By Alanna Thiede Originally Published: 09/07/10 11:05pm Modified: 09/08/10 8:11am 1 comment

Editor’s note: This story was changed to reflect that the East Lansing City Council did not approve the overlay district ordinace for the Glencairn neighborhood. The ordinance was deferred to a later date.

Seven local properties are now licensed rental properties and a request to add additional properties to an overlay district was deferred at the East Lansing City Council’s Tuesday night meeting at the 54-B District Court.

The Glencairn Neighborhood Association submitted 127 valid signatures to the council to approve the request to add 202 land parcels to the current overlay district. The new borders for the overlay district would expand to Sunset Lane on the eastern boundary, to Southlawn Avenue for the northern boundary, to Harrison Road for the southern boundary and to Grand River Avenue for the western boundary, which includes a public alley north of Oakhill Avenue.

Overlay districts are designated areas preventing more rental applications for homes in the boundaries of the district.

City Council referred the item to the Planning Commission and it will be scheduled for a required public hearing at a future meeting.

By deferring a decision on the ordinance, an application for a rental property in the proposed addition will be placed on hold until a decision is made, Mayor Pro Tem Diane Goddeeris said. The decision to prevent residents from renting out their property and relieving difficult financial situations was not easy, she said.

“There isn’t one person on this council that doesn’t understand the terrible position these homeowners are in,” Goddeeris said.

Although the issue is troubling, it is not unique and the same action as preventing a new rental with the passage of a neighborhood association movements for increased overlay districts, Councilmember Nathan Triplett said.

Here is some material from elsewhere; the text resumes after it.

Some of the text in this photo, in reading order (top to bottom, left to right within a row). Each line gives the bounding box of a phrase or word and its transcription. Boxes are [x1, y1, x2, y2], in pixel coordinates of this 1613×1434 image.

“We have an obligation to treat those who are similarly situated similarly,” he said. “We are bound by our past practice.”

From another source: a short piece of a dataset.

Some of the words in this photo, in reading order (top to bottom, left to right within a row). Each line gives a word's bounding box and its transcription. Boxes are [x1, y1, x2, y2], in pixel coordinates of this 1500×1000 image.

The seven properties approved to begin rental or continue rental with a changed class of license were approved unanimously by the council.

An eighth property up for debate was deferred to the council’s Oct. 5 meeting.

The request for a Class III rental license, filed by property owner Jay Gupta, has been in process for over a year because the failure of the owner to appear at housing commission hearings and unsolved issues on the property.

Signs of foundation settlement as well as a potential sewer line break have been presented to the property as needing to be addressed before the property’s rental license can be approved, said Howard Ash, East Lansing’s director of code compliance.

“In over a year, neither of those things were completed,” he said.

There has been no sign of progress in dealing with the foundation’s settlement, Ash said.
“Anything that may have been done has been hidden by having dirt and mulch piled up around the edge of the foundation,” he said.

Although Gupta failed to appear at two consecutive housing commission meetings and has not provided documentation regarding the foundation and sewer work, he said the improvements are complete.

“I have spent a lot of money beautifying the place,” Gupta said. “I had a power snake to cut everything out of the sewer. It is clean. It works.”

The decision regarding the rental license for the property needs to be resolved as soon as possible but also account for the due process of the owner, Assistant City Attorney Thomas Hitch said.

“We’re trying to be as accommodating as we can within the restrictions and ordinances of the law,” he said. “We need to have this brought to a head one way or the other.”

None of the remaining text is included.